Syntheses of 4-[1-(2-deoxy-β-D-ribofuranosyl)]-derivatives of 2-substituted-5-fluoroaniline:: "cytosine replacement" analogs of deoxycytidine for evaluation as anticancer and antihuman immunodeficiency virus (anti-HIV) agents

A group of 4-[1-(2-deoxy-beta-D-ribofuranosyl)]-derivatives of 5-fluoroaniline possessing a variety of aryl C-2 substituents (6a R = H, 6b R = F, 6c R = Me) were synthesized. Accordingly, a Heck-type coupling reaction of the 4-iodoaniline derivatives (13a-c) with the bis(tert-butyldimethylsilyl)glycal (11) in the presence of Pd(OAc)(2) and Ph3As, followed by removal of the tert-butyldimethylsilyl protection groups using n-Bu4N+F-, yielded the corresponding 4-(beta-D-glycero-pentofuran-3-ulos-1-yl)aniline derivatives (14a-c) having a C-3 C=O in the sugar ring.

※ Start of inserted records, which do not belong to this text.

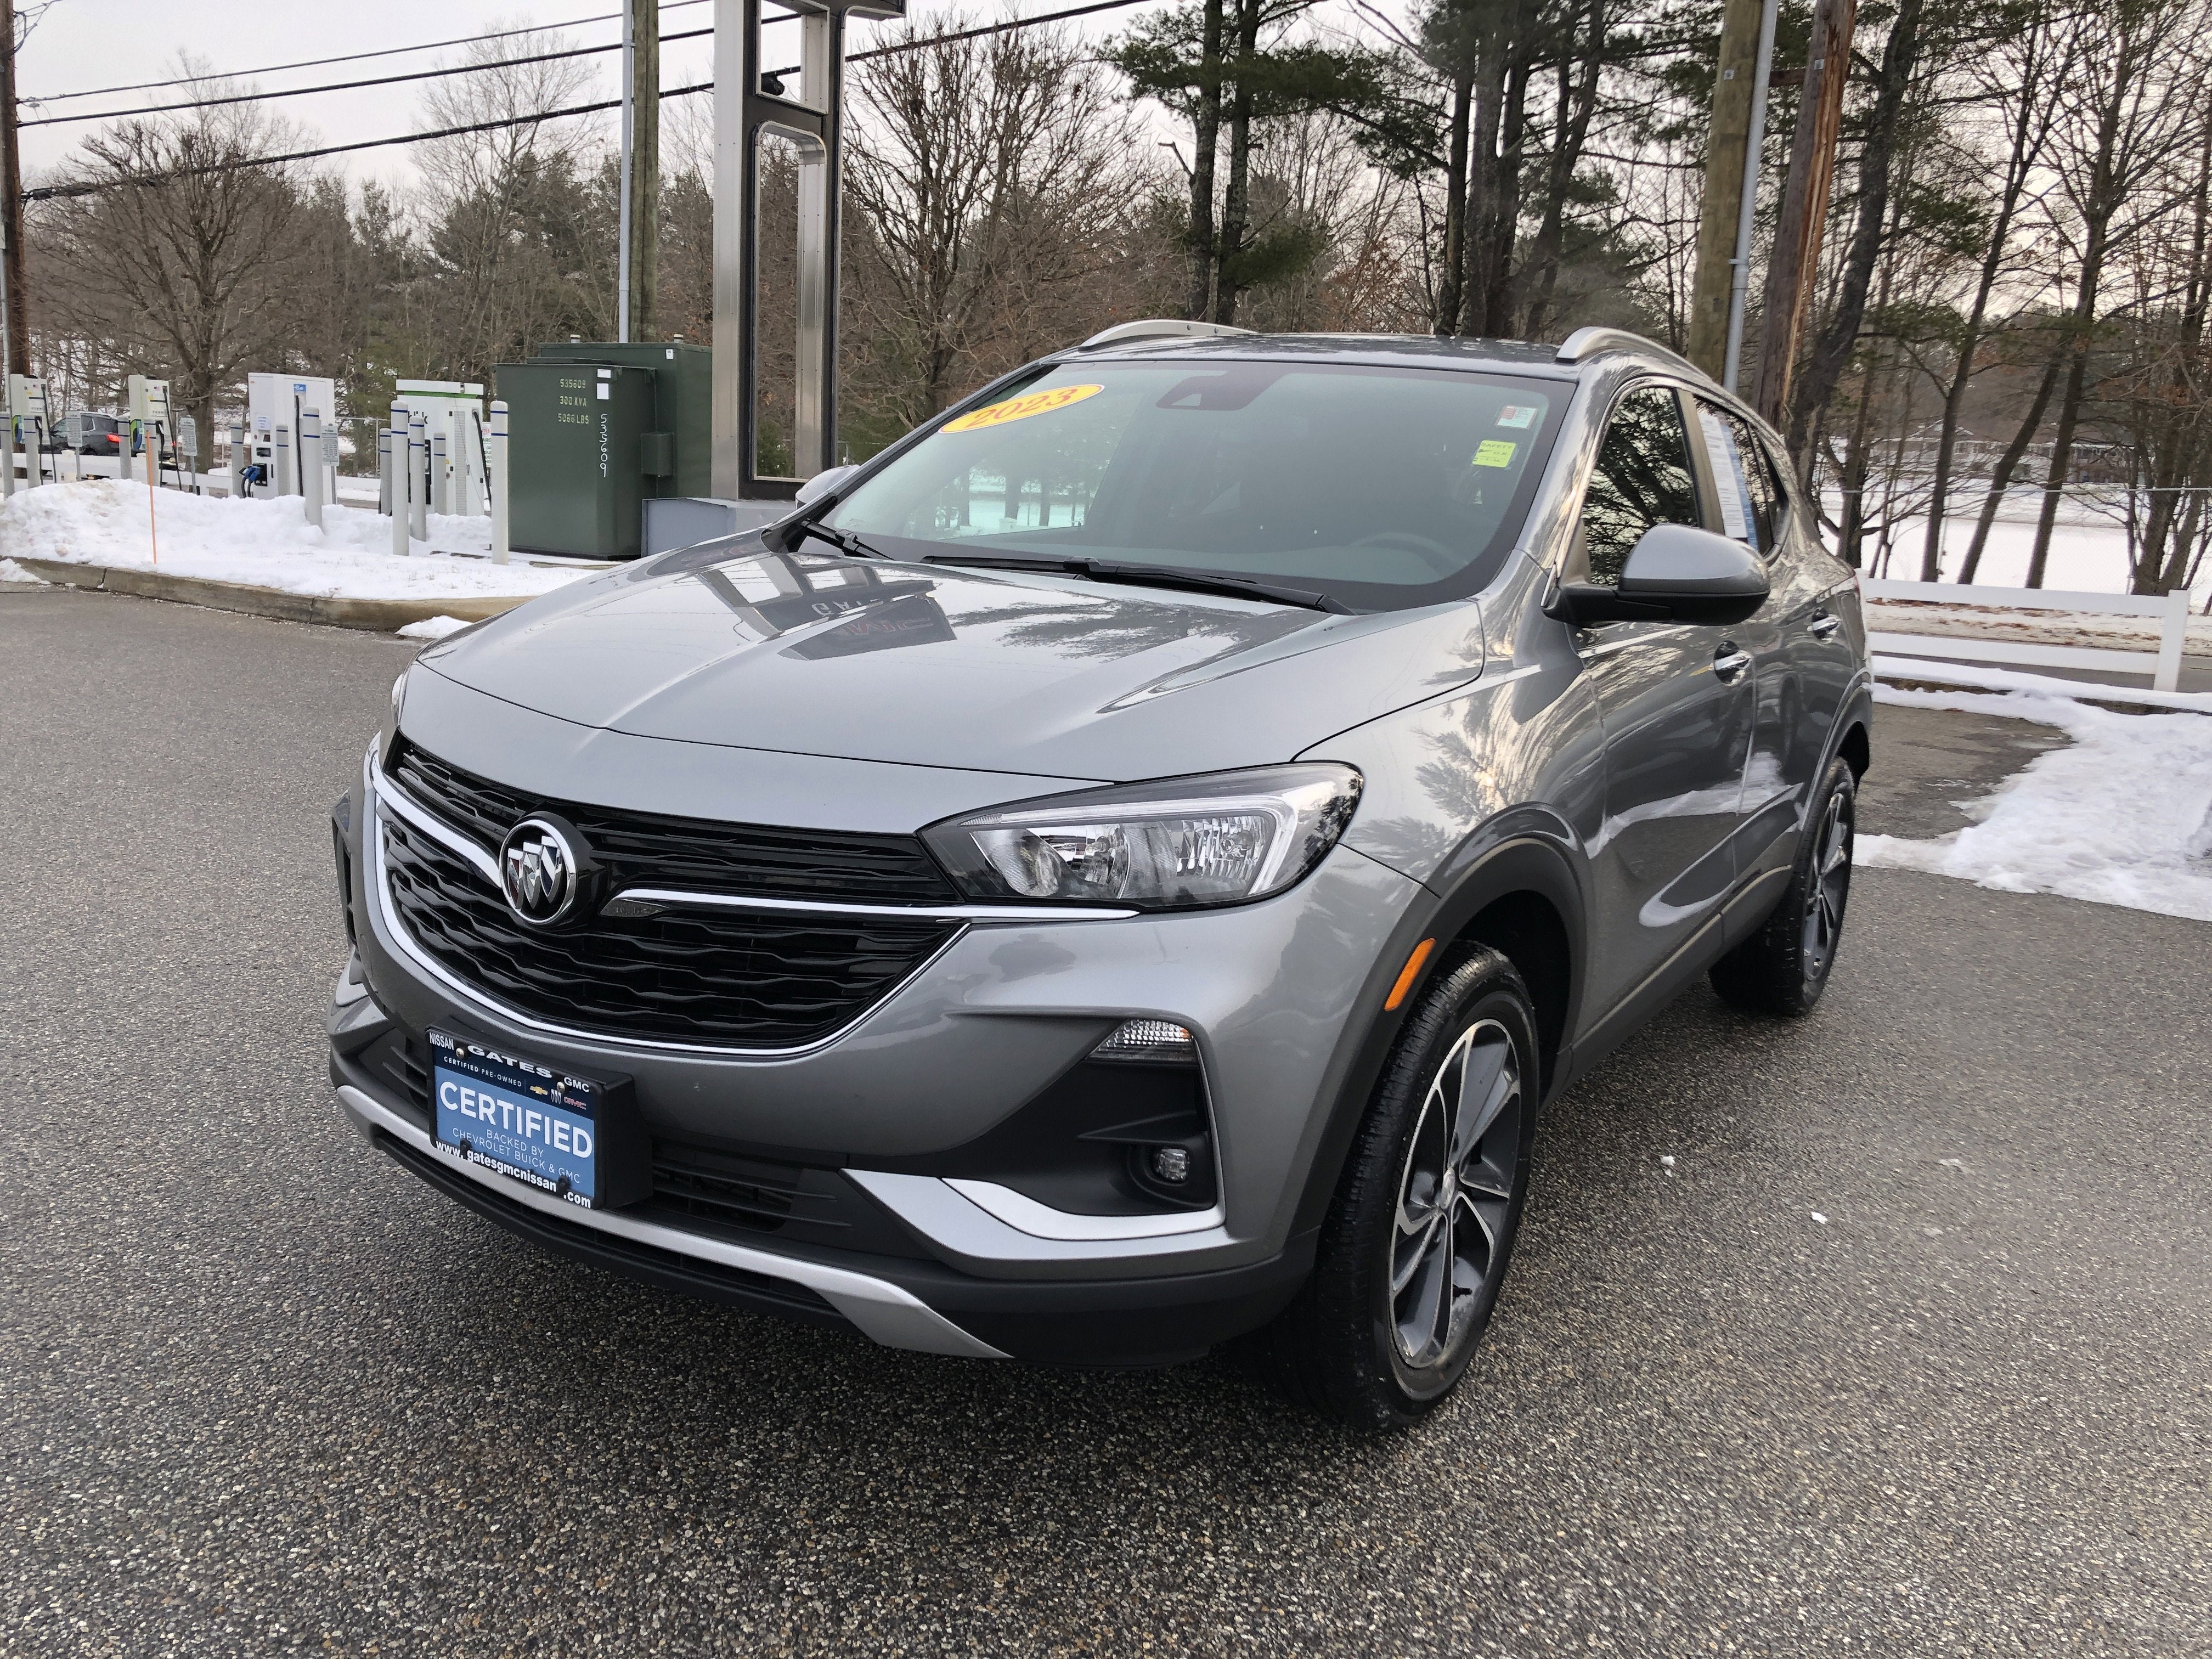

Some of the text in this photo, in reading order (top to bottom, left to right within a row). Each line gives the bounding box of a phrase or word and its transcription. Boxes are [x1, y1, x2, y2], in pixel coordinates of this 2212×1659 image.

[560, 379, 586, 389] 535609
[560, 396, 586, 407] 300 KVA
[576, 415, 589, 424] LBS
[963, 388, 1078, 428] 2023
[599, 413, 608, 478] 535609
[430, 1032, 590, 1093] NISSAN GATES GMC
[443, 1056, 522, 1087] CERTIFIED PRE-OWNED
[439, 1081, 593, 1159] CERTIFIED
[563, 1096, 586, 1110] GMC
[453, 1127, 580, 1183] CHEVROLET BUICK & GMC
[487, 1129, 544, 1158] BACKED BY
[467, 1150, 556, 1192] gatesgmcnissan

Reduction of the C-3 C=O compounds (14a-c) using NaB(OAc)(3)H afforded the target 4-[1-(2-deoxy-beta-D-ribofuranosyl)]-derivatives of the respective 2-substituted-5-fluoroaniline (6a-c). The deoxycytidine mimic, 3-fluoro-4-[1-(2-deoxy-beta-D-ribofuranosyl)]aniline (6a), in which the cytosine ring of deoxycytidine is replaced by a 4-(3-fluoroaniline) ring system, was inactive as an anticancer agent against a variety of tumor cell lines, and as an antihuman immunodeficiency virus (HIV-1, HIV-2) agent. The failure of this unnatural deoxycytidine mimic (6a) to exhibit anticancer-antiviral activity may be due to its inability to undergo phosphorylation by host cell- and virus-induced kinases.